A URSS acolheu outras efetivas ditaduras: a longa e cruel de Joseph Stalin (1928/53) e a permanente do Partido Comunista, confirmada na quarta Constituição, de 1977; conforme Boris Topornin, dirigente do Instituto de Estado e Direito da Academia de Ciências da URSS, "o Partido Comunista é uma organização social e específica como estabelece o artigo 6 da Constituição (...) é a força dirigente e orientadora da sociedade soviética e o núcleo de seu sistema político, das organizações estatais e sociais. O Partido dirige todas essas organizações" com absoluta autonomia de organização, pelo estatuto que adotar (Nueva Constitución de la URSS, Editorial Progresso, Moscou, 1980, p. 59). Fato relevante: os revolucionários vitoriosos homenagearam Thomas More com uma estátua, "por suas idéias socialistas na Utopia".

Como é sabido, a URSS começou a mudar em 1985, o que foi simbolicamente comemorado com a demolição do chamado muro de Berlim em 1989, por iniciativa popular.
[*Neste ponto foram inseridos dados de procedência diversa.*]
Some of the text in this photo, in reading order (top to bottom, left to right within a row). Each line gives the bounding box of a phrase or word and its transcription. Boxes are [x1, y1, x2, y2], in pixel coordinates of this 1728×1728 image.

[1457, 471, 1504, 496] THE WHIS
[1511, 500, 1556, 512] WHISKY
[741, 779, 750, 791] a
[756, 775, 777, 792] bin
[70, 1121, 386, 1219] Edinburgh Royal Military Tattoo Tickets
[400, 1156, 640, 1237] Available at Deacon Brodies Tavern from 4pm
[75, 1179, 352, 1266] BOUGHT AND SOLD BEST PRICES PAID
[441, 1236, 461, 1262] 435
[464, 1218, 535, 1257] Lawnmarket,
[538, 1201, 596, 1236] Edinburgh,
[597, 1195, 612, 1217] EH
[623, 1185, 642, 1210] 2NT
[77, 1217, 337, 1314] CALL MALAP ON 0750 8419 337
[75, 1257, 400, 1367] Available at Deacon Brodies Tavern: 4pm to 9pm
A mudança foi iniciada por Mikhail Gorbachev, secretário-geral do Partido Comunista, que a seguir ocupou os mais elevados cargos no Soviet Supremo e a Presidência do país em 1990. Felizmente cessou a perigosa guerra fria, convertendo-se em amistosas as relações com os Estados Unidos e outros importantes países, sendo a Alemanha reunificada. Essa etapa de reorganização está exposta no livro de Gorbachev com aquele título, na língua russa: Perestroica, Editora Best Seller, s/d. Reconhece que há sérios problemas econômicos e sociais, sendo preciso aproveitar a diversidade criativa das pessoas, mais transparência – glasnost – e mais democracia (p. 29/37). Uma débil e breve reação foi debelada com a participação de Boris Yeltsin, sucessor eleito de Gorbachev na Presidência da República, que completou a extinção da URSS, por via constitucional convertida na Federação da Rússia, que tende a se identificar politicamente com as grandes potências capitalistas e democráticas. Também Yeltsin apresenta em livro suas idéias e narra sua participação nos acontecimentos (Minha Luta pela Rússia, Editora Record, 1994).
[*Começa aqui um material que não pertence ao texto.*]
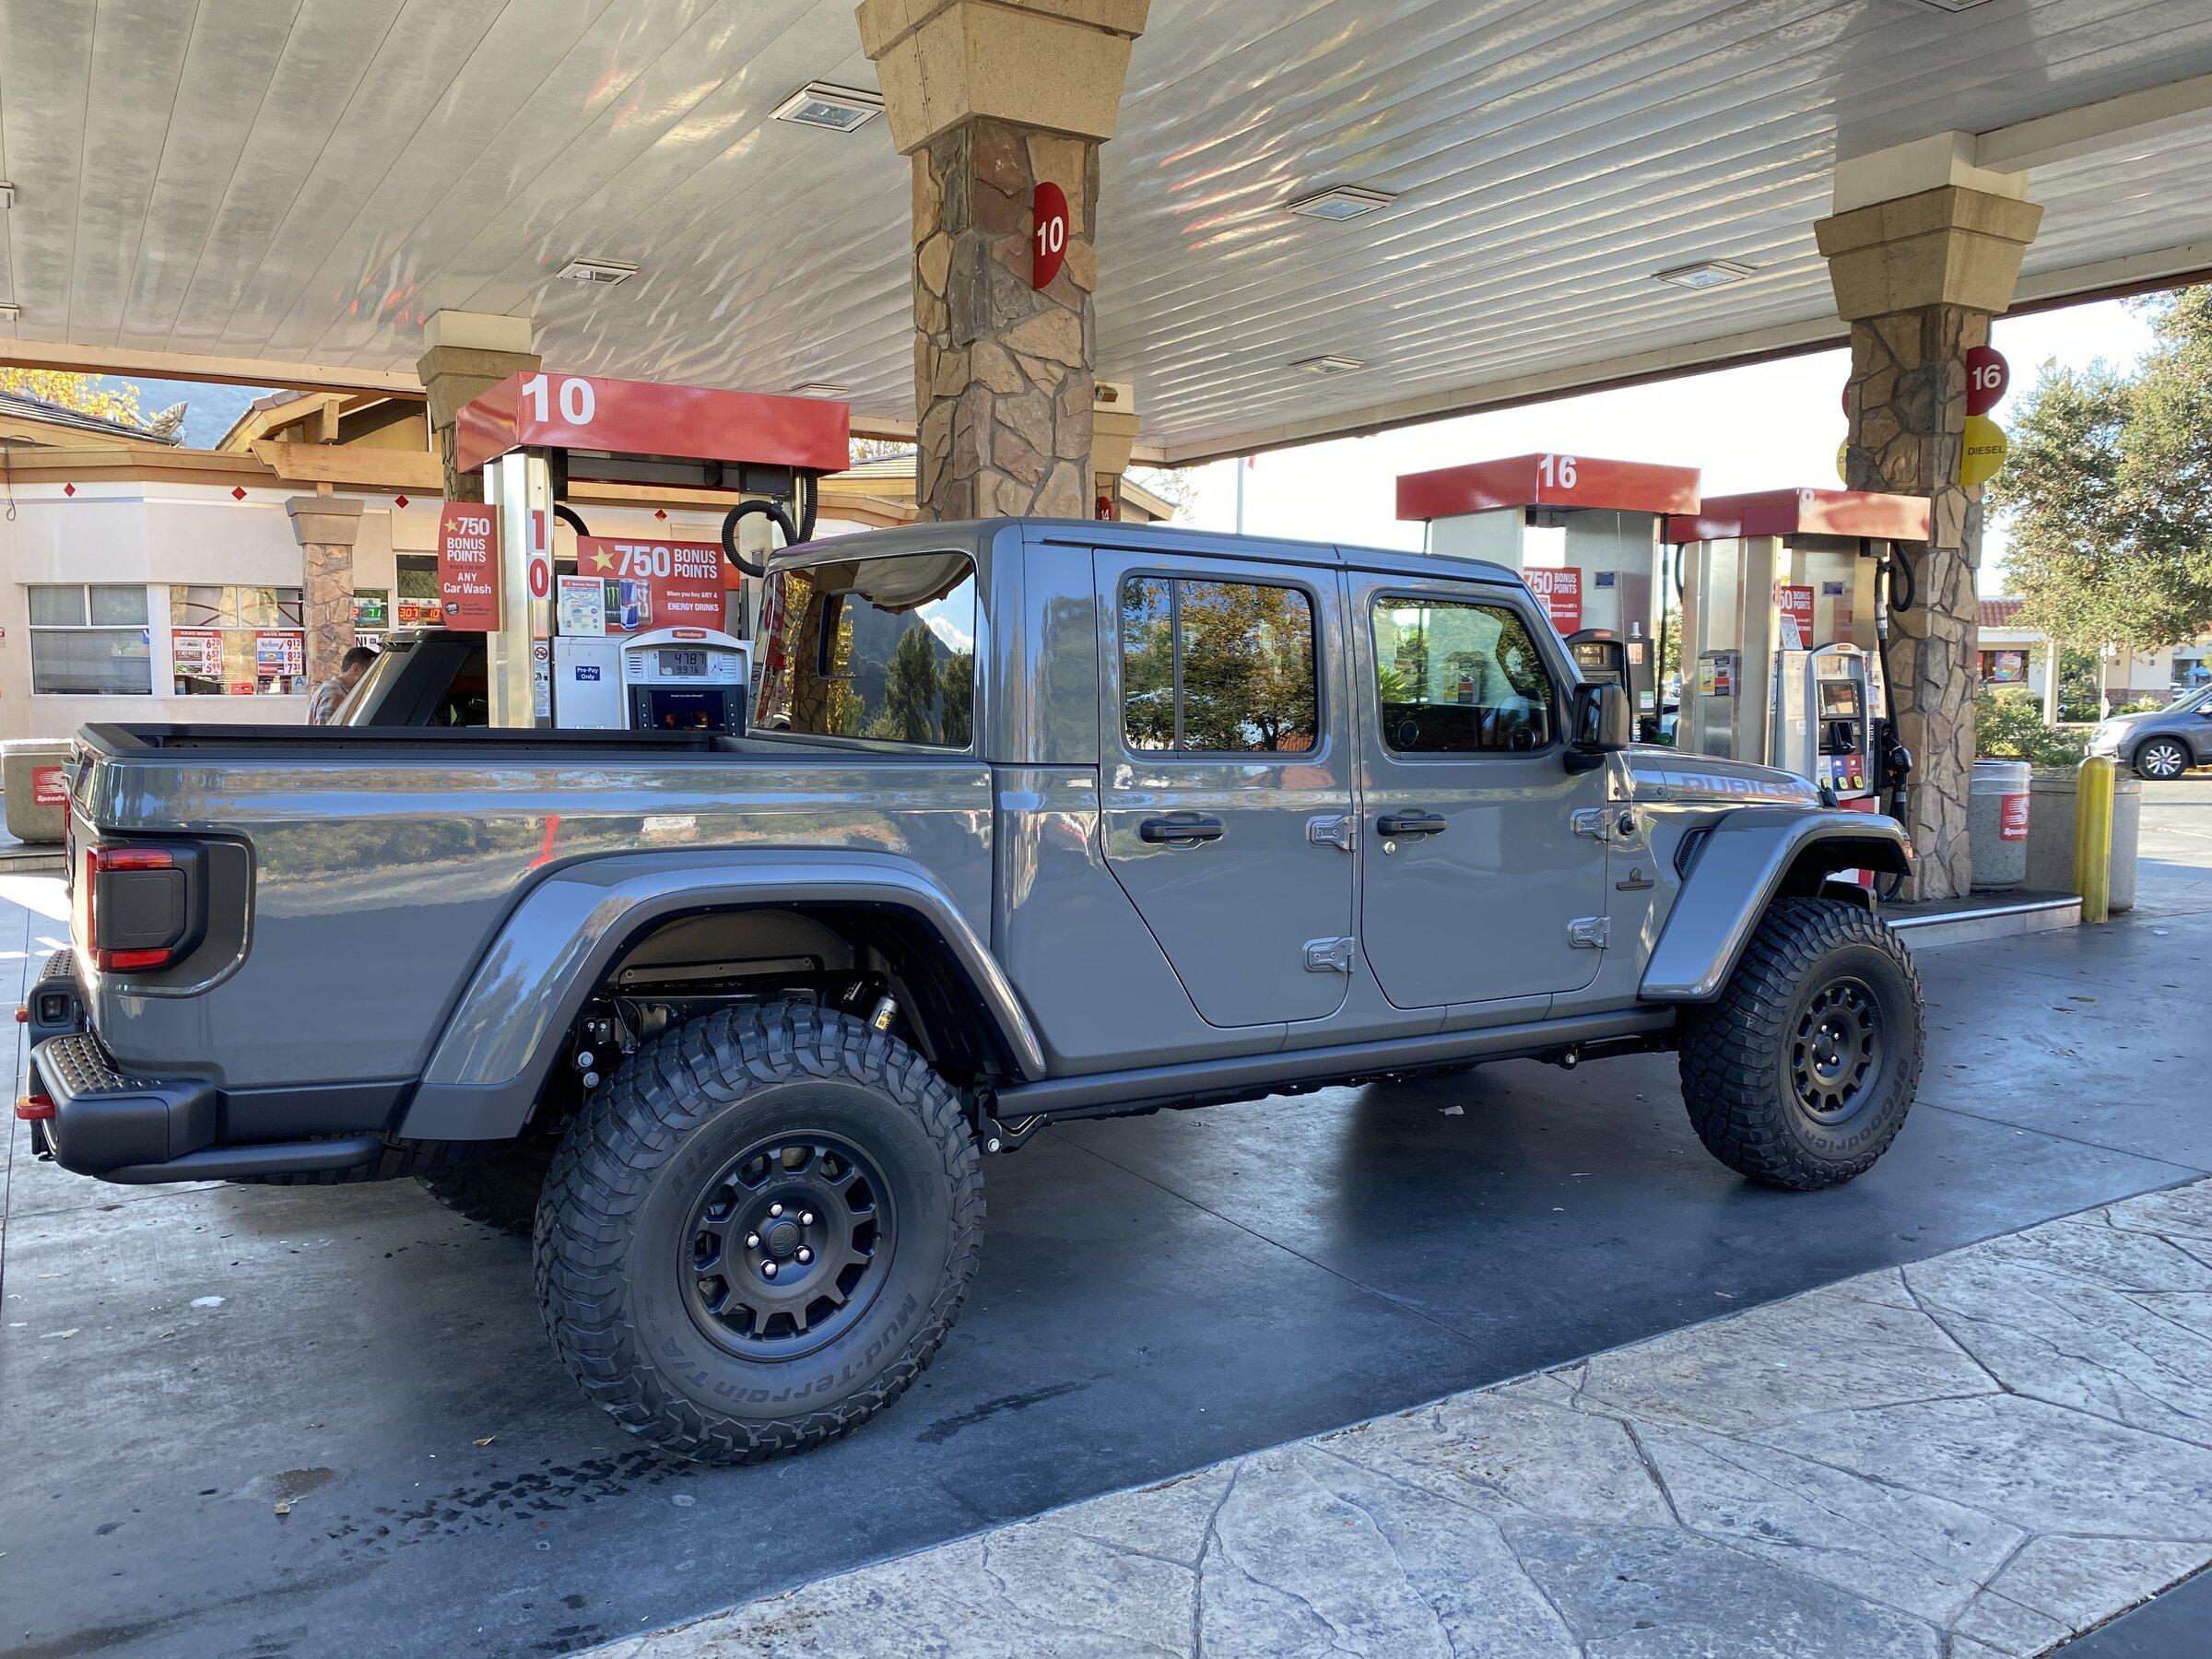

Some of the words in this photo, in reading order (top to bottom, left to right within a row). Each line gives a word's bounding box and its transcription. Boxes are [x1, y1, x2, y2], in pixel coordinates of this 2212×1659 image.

[1037, 216, 1064, 256] 10
[1971, 364, 2002, 391] 16
[522, 373, 595, 425] 10
[1967, 445, 2005, 455] DIESEL
[1540, 453, 1577, 488] 16
[457, 517, 490, 535] 750
[447, 537, 486, 550] BONUS
[447, 549, 487, 562] POINTS
[615, 545, 670, 578] 750
[675, 548, 716, 564] BONUS
[458, 573, 477, 582] ANY
[675, 563, 717, 579] POINTS
[1554, 572, 1577, 583] BONUS
[444, 582, 461, 594] Car
[464, 583, 491, 594] Wash
[1524, 571, 1553, 594] 750
[1554, 583, 1577, 594] POINTS
[667, 602, 694, 611] ENERGY
[695, 603, 719, 612] DRINKS
[36, 794, 65, 803] Speed
Sinceramente, não entendo como possa a terrível Utopia ser adotada como modelo político. Pois é o que pode sugerir o livro Utopia Desarmada (Companhia das Letras, 1994), do conceituado escritor mexicano Jorge G. Castañeda, formado pela norte-americana Universidade de Princeton, colunista do Los Angeles Times e da revista Newsweek. Porém, já no prefácio à edição brasileira, referindo-se à rebelião de Chiapas, no México, e a outras violentas manifestações na América Latina, o autor nega admitir a luta armada e tem como inevitável a reforma das esquerdas. Alude como mal maior ao "espectro do comunismo (...) as chamadas ‘classes perigosas’ na segunda metade do século XIX, o bolchevismo a partir de 1917, a Revolução Cubana desde 1959 (...) Uma das conseqüências da queda figurativa e literal do Muro de Berlim foi o desaparecimento desse mal maior" (p.12).
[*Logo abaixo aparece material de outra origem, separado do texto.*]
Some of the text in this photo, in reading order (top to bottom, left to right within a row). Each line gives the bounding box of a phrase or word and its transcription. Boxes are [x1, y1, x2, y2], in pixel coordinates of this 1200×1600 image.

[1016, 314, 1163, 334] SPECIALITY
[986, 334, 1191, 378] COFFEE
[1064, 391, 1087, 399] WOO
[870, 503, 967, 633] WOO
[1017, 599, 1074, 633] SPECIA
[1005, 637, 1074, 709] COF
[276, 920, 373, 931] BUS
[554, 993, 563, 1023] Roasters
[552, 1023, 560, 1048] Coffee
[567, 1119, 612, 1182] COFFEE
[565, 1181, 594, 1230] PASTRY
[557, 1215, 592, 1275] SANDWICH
Prezando a verdadeira democracia com todas as suas garantias, destacada a liberdade individual, não posso admitir tal Utopia e suas imitações como sonhos de honestos idealistas, mas sim como tenebrosos pesadelos perturbadores dos bons sonos, porque qualquer delas sempre será uma utopia desalmada!

Fernando Andrade de Oliveira é aposentado como procurador da República e professor titular da Universidade Federal do Paraná.